I thought back to my childhood of revolving doors, white walls with cheesy motivational posters, and concerned looks. My parents had first put me into therapy at age eight because they were worried about why I was so quiet all the time. I don’t remember feeling like anything was wrong then; I was simply more comfortable listening to others than joining into their conversations. I was a daydreamer.
I would spend my days making up elaborate stories in my head, feelinglike I was the puppeteer of my characters’ lives. When I would have to interact with others, or pay attention to a lesson, I’d simply “pause” the play and resume whenever I was able to be alone in my head again. It wasn’t until the summer after I turned ten that I actually began to need help.
But it took until I was fourteen to admit to anyone what was happening. Then, it was therapy twice a week, a new therapist every month, my parents begging me to talk to them, and the psychiatrist with her endless supply of tiny white pills to dull the pain inside my head. It all felt so far away now, almost like I was watching myself go to appointment after appointment through a television screen. When people would talk to me, it sounded like fuzzy TV static.
“Lane?” Dr. Cohen furrowed his brow.
“Hm?” Realizing he was waiting for me to continue, I said, “Oh, sorry! I was just thinking about what to tell you.”
I offered him a hesitant smile. He tilted his head slightly as he stared at me with a little spark of interest in his eyes. I couldn’t manage to hold his eye contact, so I shifted my gaze to one of the bookshelves behind him. Was I supposed to hold eye contact for the whole conversation? That felt like too much. What if he thought I was on drugs? What if he thought I was being rude if I didn’t make enough eye contact? God - this was why I only talked to my cat.

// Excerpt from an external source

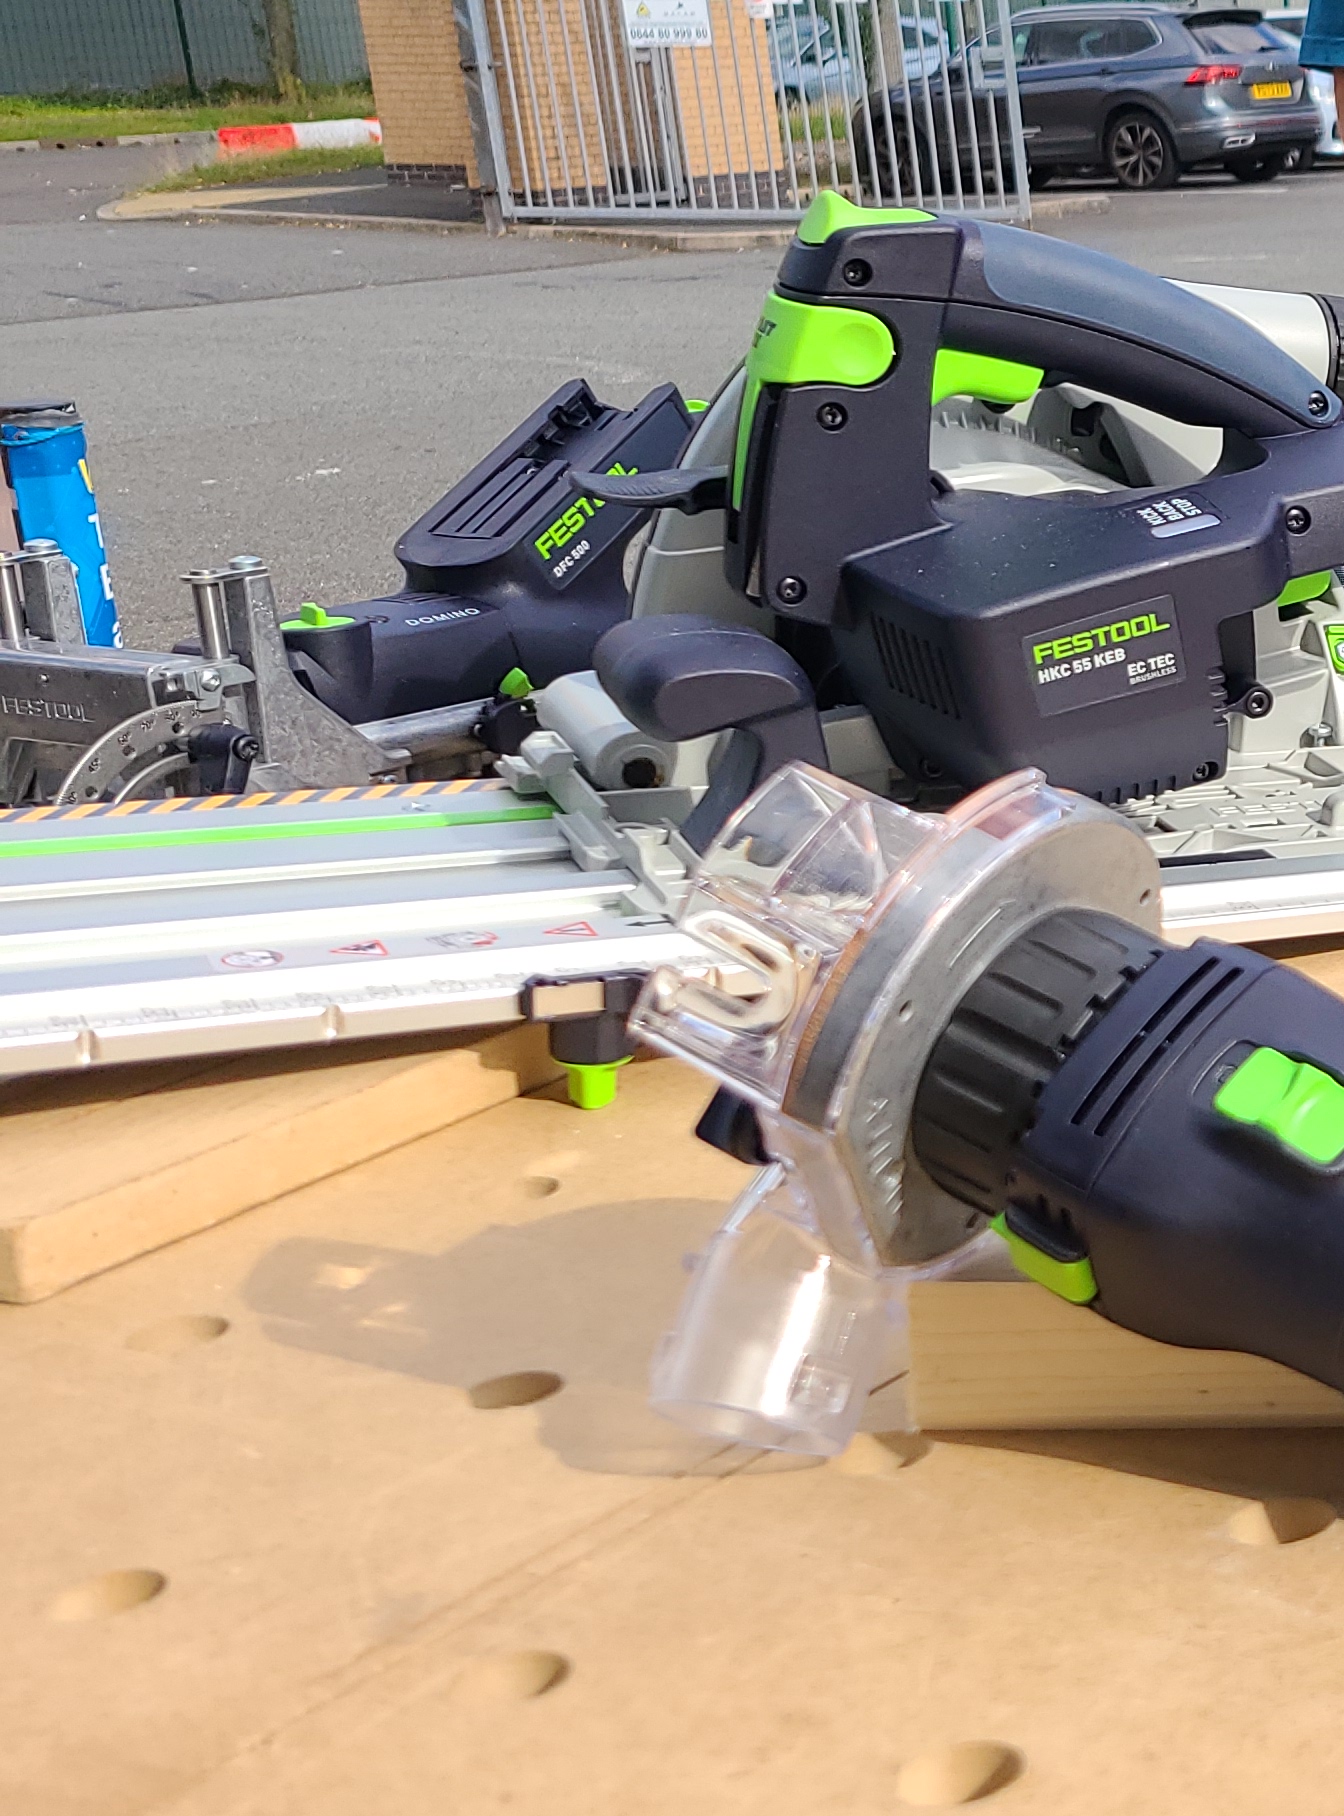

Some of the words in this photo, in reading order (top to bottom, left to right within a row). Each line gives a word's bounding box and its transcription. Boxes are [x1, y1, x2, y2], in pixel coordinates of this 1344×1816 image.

“Lane, you don’t need to think about what to tell me. All you have to do is listen to my questions and answer honestly. If you’re too uncomfortable with any of my questions, just let me know and we’ll table it until a future session. I can imagine how difficult it must be after being out of practice for a few years. You’re twenty-one, correct?” He waited for my nod. “Yes, and you mentioned on our intake form that you were eighteen when you stopped going to your previous therapist, so it’s understandable for this to feel a bit unnerving.”
“Can you just start asking your questions, please?”
Dr. Cohen shook his head in amusement and flipped open a small notebook.
“Sure, Lane, I can start asking my questions now. Impatient little thing,” he heartily laughed. “Well, how about we go ahead and get started with a few easy ones to ease you into it? Are you in school?”
“Yes, I’m in my third year. Lately most of my classes have been online. Right now, I just have to be on campus one night a week.”
“That sounds great, Lane. What are you studying?” He beamed.
“I’m an English major. I haven’t quite figured out what I want to do after college though. Which is a bit stressful since I only have a year left before graduation.” I grimaced, trying not to let the anxiety creep in.
“A lot of your classmates are probably feeling the exact same way. I’m sure you’ll figure it out. If you ever want to talk it over, I’m here for you. How’s your social life currently?”
“Dead?” I laughed, which in turn got a chuckle from him. “Well, I talk to some people online. Like through social media and games. I have a friend that lives near me, so we do things together sometimes, but he’s usually pretty busy with his work. I’m sure my parents would hang out with me if I didn’t move two states away for school,” I grinned.
“I’m glad to hear you have a relationship with your parents. Are they pretty supportive of you?”